Saved data entries:
--*--

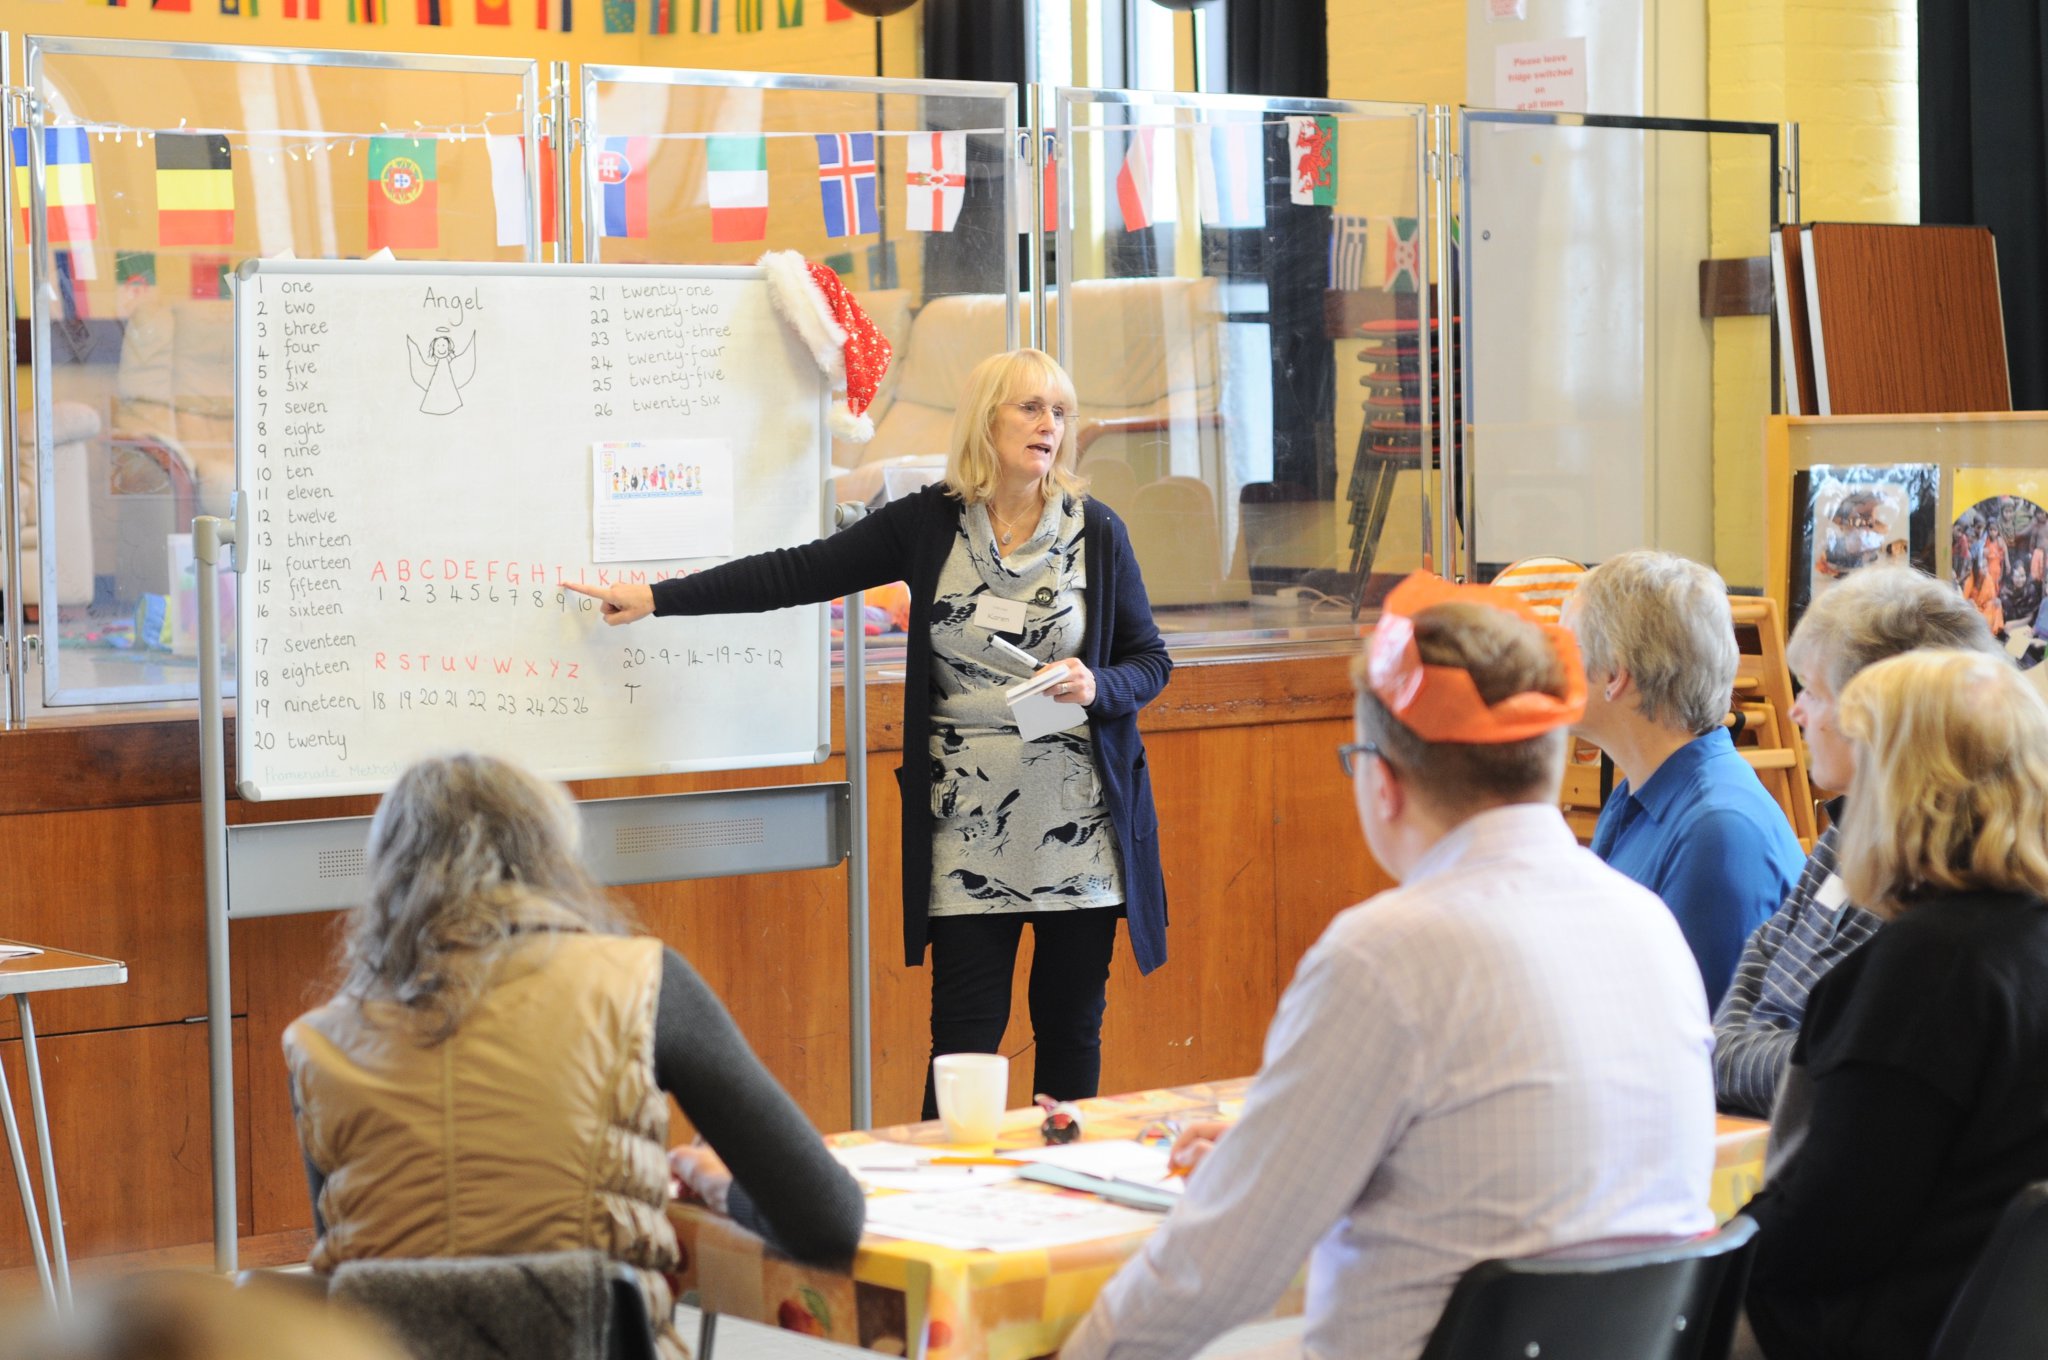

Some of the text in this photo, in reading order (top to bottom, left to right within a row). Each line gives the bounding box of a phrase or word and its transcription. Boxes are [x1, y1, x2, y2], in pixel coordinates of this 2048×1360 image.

[258, 276, 314, 293] 1 one
[590, 284, 714, 304] 21 twenty-one
[257, 301, 315, 316] 2 two
[423, 287, 483, 327] Angel
[591, 303, 719, 327] 22 twenty-two
[258, 320, 328, 337] 3 three
[592, 323, 731, 348] 23 twenty-three
[258, 338, 320, 360] 4 four
[592, 346, 724, 370] 24 twenty-four
[258, 360, 317, 380] 5 five
[593, 367, 724, 392] 25 twenty-five
[258, 379, 309, 397] 6 six
[258, 402, 328, 416] 7 seven
[594, 396, 720, 416] 26 twenty-six
[258, 421, 325, 445] 8 eight
[258, 444, 320, 458] 9 nine
[257, 466, 313, 481] 10 ten
[259, 485, 333, 500] 11 eleven
[258, 509, 336, 523] 12 twelve
[258, 532, 351, 547] 13 thirteen
[258, 556, 351, 577] 14 fourteen
[371, 561, 387, 582] A
[398, 559, 410, 582] B
[420, 560, 434, 579] C
[444, 559, 458, 580] D
[465, 560, 477, 579] E
[488, 561, 498, 581] F
[507, 562, 519, 585] G
[532, 564, 544, 583] H
[598, 568, 609, 585] K
[619, 569, 625, 584] L
[631, 570, 645, 584] M
[258, 577, 341, 600] 15 fifteen
[378, 584, 592, 612] 1 2 3 4 5 6 7 8 9 10
[258, 602, 343, 618] 16 sixteen
[256, 633, 356, 655] 17 seventeen
[256, 661, 349, 687] 18 eighteen
[376, 652, 578, 678] R S T U V W X Y Z
[373, 688, 588, 716] 18 19 20 21 22 23 24 25 26
[624, 683, 641, 704] T
[256, 694, 360, 718] 19 nineteen
[254, 730, 347, 760] 20 twenty

--*--

WORK REQUIRED: Return, exactly as they stand, all of the lines above, but not the pictures.

ANSWER AREA:
Some of the text in this photo, in reading order (top to bottom, left to right within a row). Each line gives the bounding box of a phrase or word and its transcription. Boxes are [x1, y1, x2, y2], in pixel coordinates of this 2048×1360 image.

[258, 276, 314, 293] 1 one
[590, 284, 714, 304] 21 twenty-one
[257, 301, 315, 316] 2 two
[423, 287, 483, 327] Angel
[591, 303, 719, 327] 22 twenty-two
[258, 320, 328, 337] 3 three
[592, 323, 731, 348] 23 twenty-three
[258, 338, 320, 360] 4 four
[592, 346, 724, 370] 24 twenty-four
[258, 360, 317, 380] 5 five
[593, 367, 724, 392] 25 twenty-five
[258, 379, 309, 397] 6 six
[258, 402, 328, 416] 7 seven
[594, 396, 720, 416] 26 twenty-six
[258, 421, 325, 445] 8 eight
[258, 444, 320, 458] 9 nine
[257, 466, 313, 481] 10 ten
[259, 485, 333, 500] 11 eleven
[258, 509, 336, 523] 12 twelve
[258, 532, 351, 547] 13 thirteen
[258, 556, 351, 577] 14 fourteen
[371, 561, 387, 582] A
[398, 559, 410, 582] B
[420, 560, 434, 579] C
[444, 559, 458, 580] D
[465, 560, 477, 579] E
[488, 561, 498, 581] F
[507, 562, 519, 585] G
[532, 564, 544, 583] H
[598, 568, 609, 585] K
[619, 569, 625, 584] L
[631, 570, 645, 584] M
[258, 577, 341, 600] 15 fifteen
[378, 584, 592, 612] 1 2 3 4 5 6 7 8 9 10
[258, 602, 343, 618] 16 sixteen
[256, 633, 356, 655] 17 seventeen
[256, 661, 349, 687] 18 eighteen
[376, 652, 578, 678] R S T U V W X Y Z
[373, 688, 588, 716] 18 19 20 21 22 23 24 25 26
[624, 683, 641, 704] T
[256, 694, 360, 718] 19 nineteen
[254, 730, 347, 760] 20 twenty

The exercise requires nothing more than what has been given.